Reproduce the listing in full. Omit the pictures.

RECORDS SUPPLIED:
══════════════════════════════

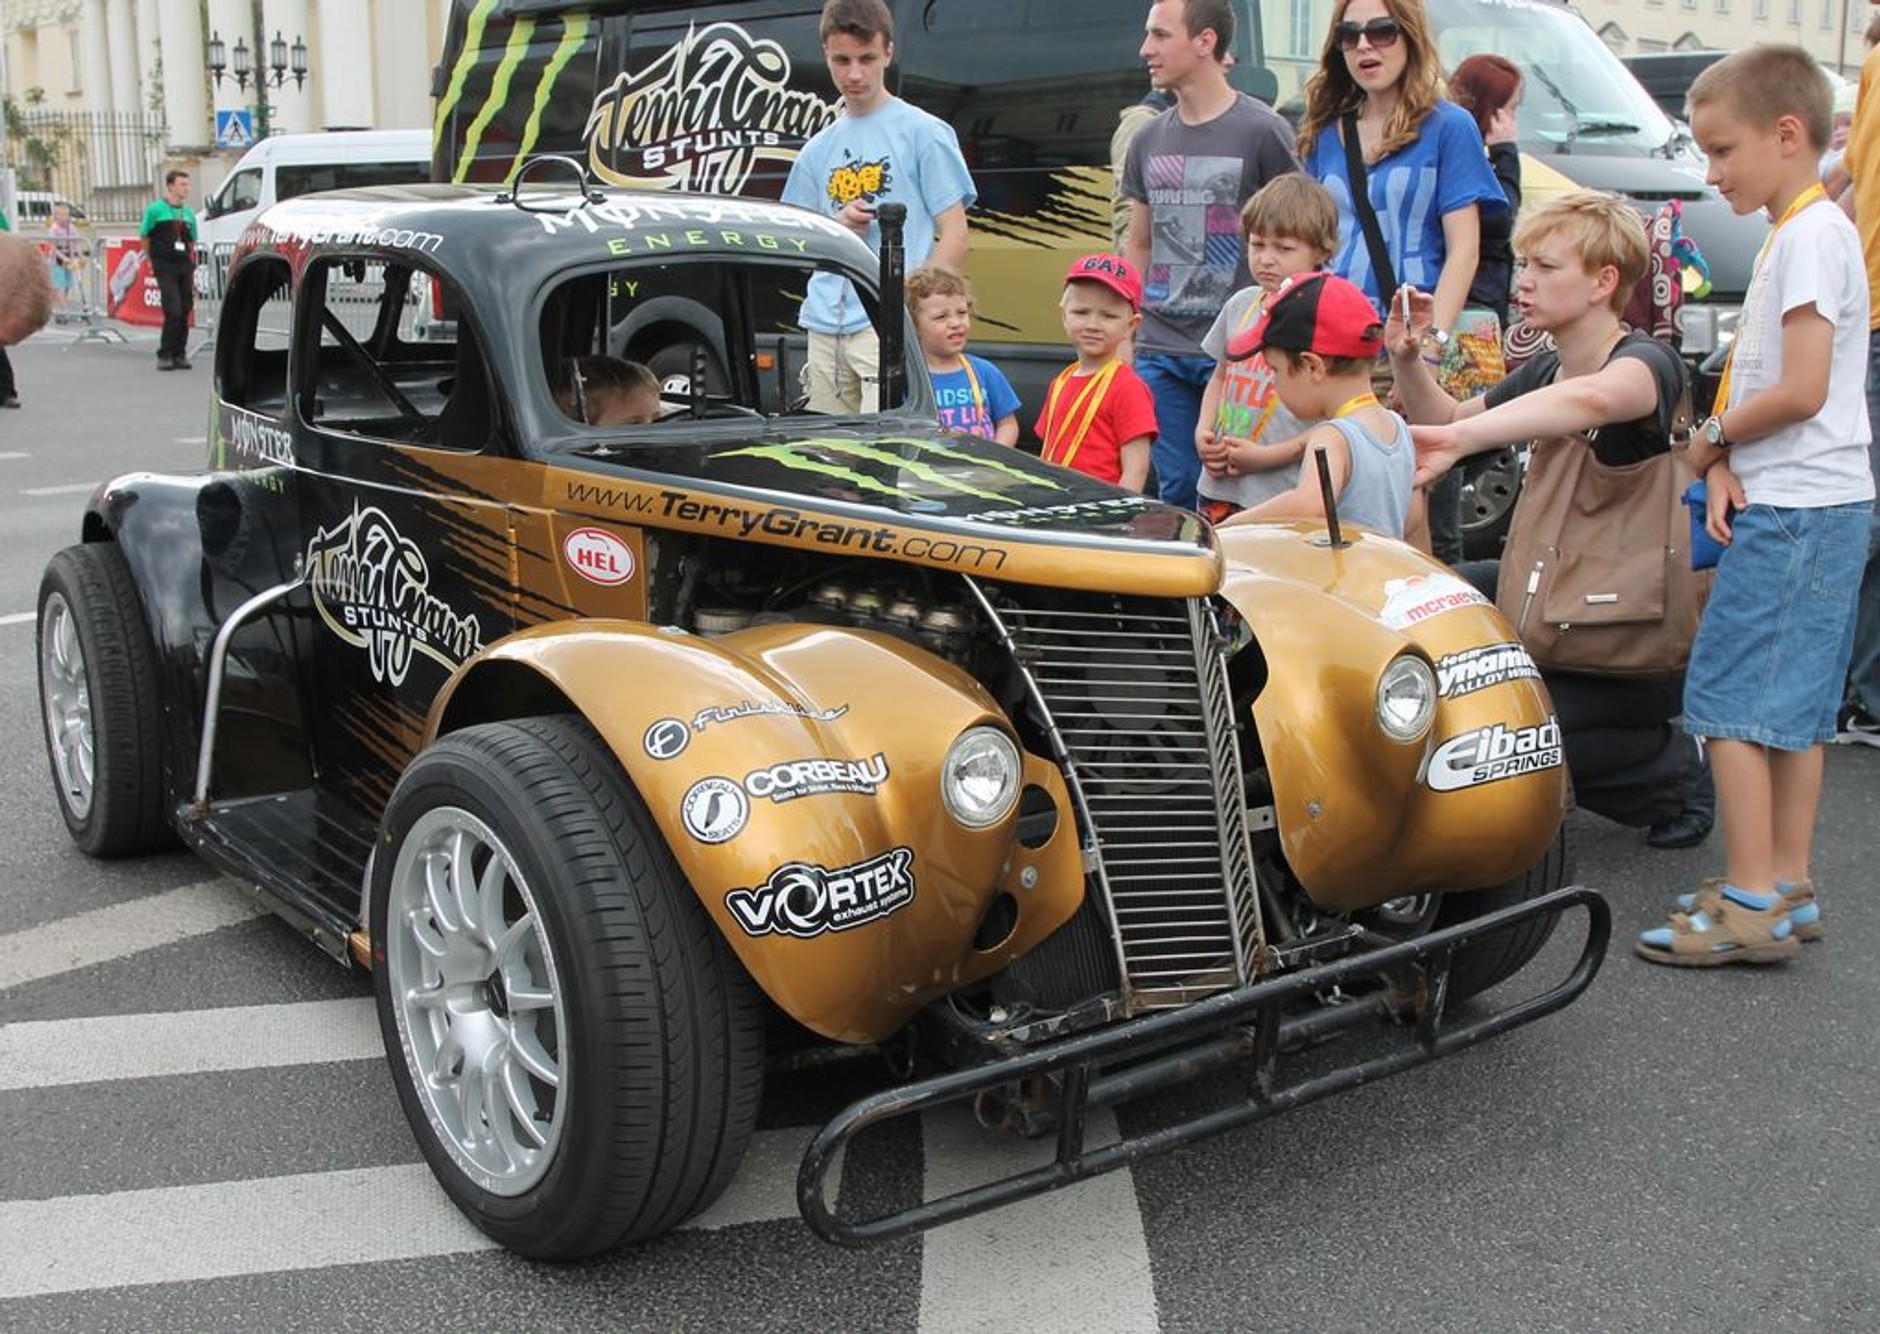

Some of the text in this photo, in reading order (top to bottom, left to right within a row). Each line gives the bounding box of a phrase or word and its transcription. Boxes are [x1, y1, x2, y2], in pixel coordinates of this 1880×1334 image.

[643, 130, 780, 170] STUNTS
[607, 229, 808, 256] ENERGY
[1084, 258, 1127, 278] GAP
[567, 482, 1007, 570] www.TerryGrant.com
[577, 547, 622, 575] HEL
[344, 605, 428, 643] STUNTS
[1454, 672, 1505, 697] ALLOY
[1428, 714, 1561, 790] Eibach
[1473, 749, 1559, 782] SPRINGS
[745, 755, 888, 796] CORBEAU
[735, 853, 907, 928] VORTEX
[833, 900, 878, 922] exhaust
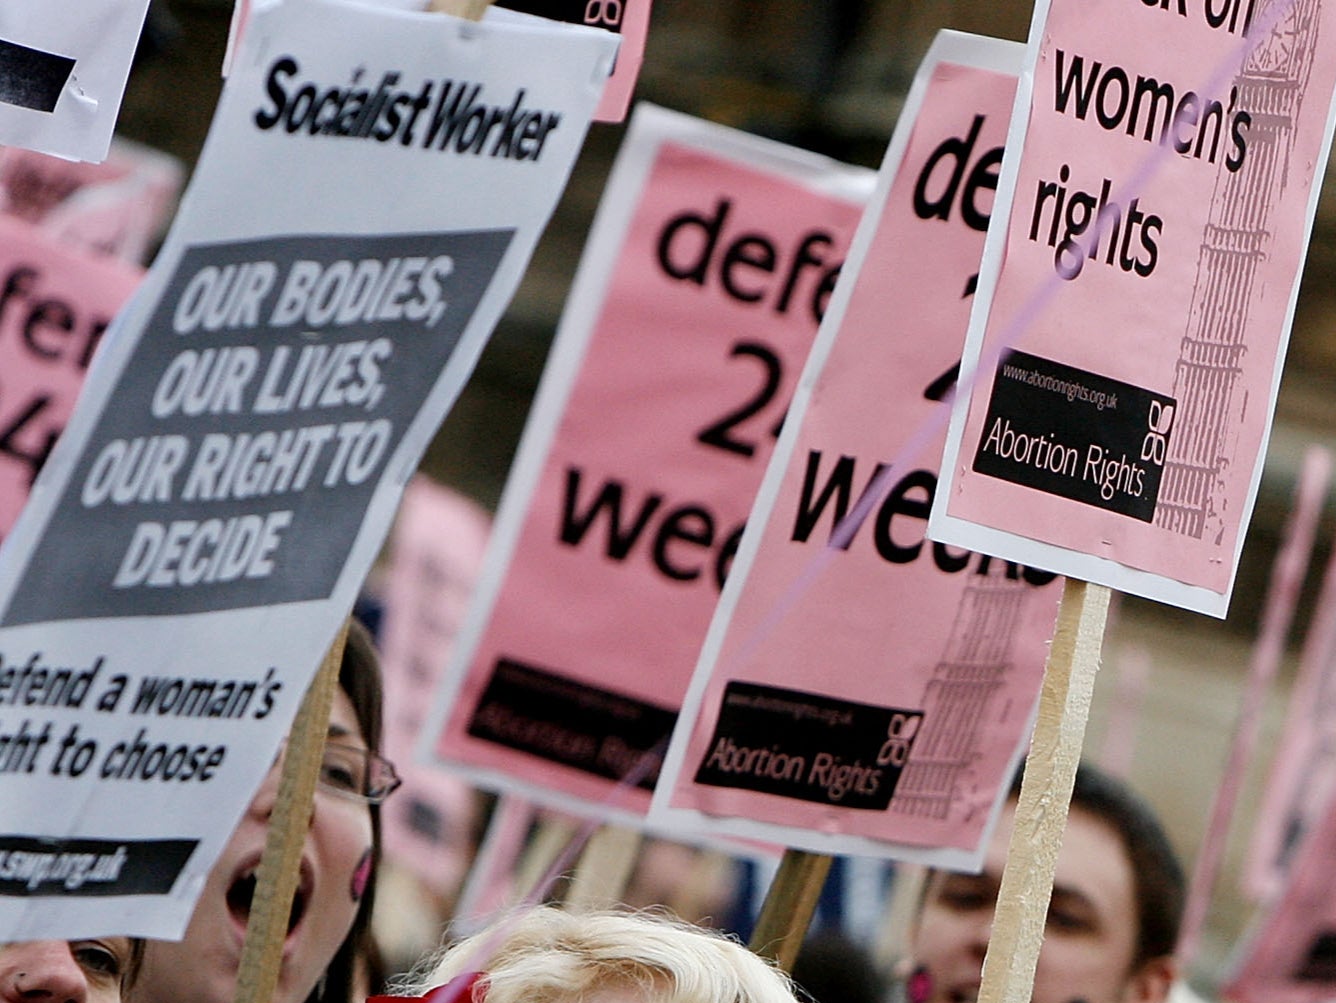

══════════════════════════════

RESPONSE AREA:
Some of the text in this photo, in reading order (top to bottom, left to right within a row). Each line gives the bounding box of a phrase or word and its transcription. Boxes are [x1, y1, x2, y2], in pixel coordinates of this 1880×1334 image.

[643, 130, 780, 170] STUNTS
[607, 229, 808, 256] ENERGY
[1084, 258, 1127, 278] GAP
[567, 482, 1007, 570] www.TerryGrant.com
[577, 547, 622, 575] HEL
[344, 605, 428, 643] STUNTS
[1454, 672, 1505, 697] ALLOY
[1428, 714, 1561, 790] Eibach
[1473, 749, 1559, 782] SPRINGS
[745, 755, 888, 796] CORBEAU
[735, 853, 907, 928] VORTEX
[833, 900, 878, 922] exhaust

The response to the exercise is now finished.